Content starts

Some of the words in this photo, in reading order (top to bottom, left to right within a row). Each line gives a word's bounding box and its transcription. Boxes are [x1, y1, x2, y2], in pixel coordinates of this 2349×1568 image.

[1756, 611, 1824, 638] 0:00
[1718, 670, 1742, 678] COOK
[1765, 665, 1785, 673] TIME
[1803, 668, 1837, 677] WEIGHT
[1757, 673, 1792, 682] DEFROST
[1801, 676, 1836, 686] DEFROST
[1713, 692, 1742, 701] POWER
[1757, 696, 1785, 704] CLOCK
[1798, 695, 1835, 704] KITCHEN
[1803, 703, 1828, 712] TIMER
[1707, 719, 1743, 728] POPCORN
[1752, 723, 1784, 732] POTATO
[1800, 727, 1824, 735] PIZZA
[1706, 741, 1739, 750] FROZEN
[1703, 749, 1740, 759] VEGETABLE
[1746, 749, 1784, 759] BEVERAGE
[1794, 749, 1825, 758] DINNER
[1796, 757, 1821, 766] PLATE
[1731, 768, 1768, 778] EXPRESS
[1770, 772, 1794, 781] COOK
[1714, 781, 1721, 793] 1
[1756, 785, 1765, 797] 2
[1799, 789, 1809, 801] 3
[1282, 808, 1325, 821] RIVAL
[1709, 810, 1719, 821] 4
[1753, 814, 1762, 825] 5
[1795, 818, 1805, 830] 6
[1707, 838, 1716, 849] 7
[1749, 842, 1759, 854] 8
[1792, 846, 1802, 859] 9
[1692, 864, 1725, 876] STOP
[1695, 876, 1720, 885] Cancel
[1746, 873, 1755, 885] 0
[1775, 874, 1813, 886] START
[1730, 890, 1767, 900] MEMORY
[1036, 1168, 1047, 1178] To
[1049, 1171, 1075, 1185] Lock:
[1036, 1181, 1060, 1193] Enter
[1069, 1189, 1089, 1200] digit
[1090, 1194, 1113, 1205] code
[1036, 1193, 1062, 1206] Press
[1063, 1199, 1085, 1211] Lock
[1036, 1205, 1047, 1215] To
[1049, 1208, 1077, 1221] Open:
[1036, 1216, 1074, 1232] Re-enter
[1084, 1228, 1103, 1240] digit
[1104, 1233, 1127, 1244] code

Content ends

Please transcribe the listing in its entirety, exactly.

Some of the words in this photo, in reading order (top to bottom, left to right within a row). Each line gives a word's bounding box and its transcription. Boxes are [x1, y1, x2, y2], in pixel coordinates of this 2349×1568 image.

[1756, 611, 1824, 638] 0:00
[1718, 670, 1742, 678] COOK
[1765, 665, 1785, 673] TIME
[1803, 668, 1837, 677] WEIGHT
[1757, 673, 1792, 682] DEFROST
[1801, 676, 1836, 686] DEFROST
[1713, 692, 1742, 701] POWER
[1757, 696, 1785, 704] CLOCK
[1798, 695, 1835, 704] KITCHEN
[1803, 703, 1828, 712] TIMER
[1707, 719, 1743, 728] POPCORN
[1752, 723, 1784, 732] POTATO
[1800, 727, 1824, 735] PIZZA
[1706, 741, 1739, 750] FROZEN
[1703, 749, 1740, 759] VEGETABLE
[1746, 749, 1784, 759] BEVERAGE
[1794, 749, 1825, 758] DINNER
[1796, 757, 1821, 766] PLATE
[1731, 768, 1768, 778] EXPRESS
[1770, 772, 1794, 781] COOK
[1714, 781, 1721, 793] 1
[1756, 785, 1765, 797] 2
[1799, 789, 1809, 801] 3
[1282, 808, 1325, 821] RIVAL
[1709, 810, 1719, 821] 4
[1753, 814, 1762, 825] 5
[1795, 818, 1805, 830] 6
[1707, 838, 1716, 849] 7
[1749, 842, 1759, 854] 8
[1792, 846, 1802, 859] 9
[1692, 864, 1725, 876] STOP
[1695, 876, 1720, 885] Cancel
[1746, 873, 1755, 885] 0
[1775, 874, 1813, 886] START
[1730, 890, 1767, 900] MEMORY
[1036, 1168, 1047, 1178] To
[1049, 1171, 1075, 1185] Lock:
[1036, 1181, 1060, 1193] Enter
[1069, 1189, 1089, 1200] digit
[1090, 1194, 1113, 1205] code
[1036, 1193, 1062, 1206] Press
[1063, 1199, 1085, 1211] Lock
[1036, 1205, 1047, 1215] To
[1049, 1208, 1077, 1221] Open:
[1036, 1216, 1074, 1232] Re-enter
[1084, 1228, 1103, 1240] digit
[1104, 1233, 1127, 1244] code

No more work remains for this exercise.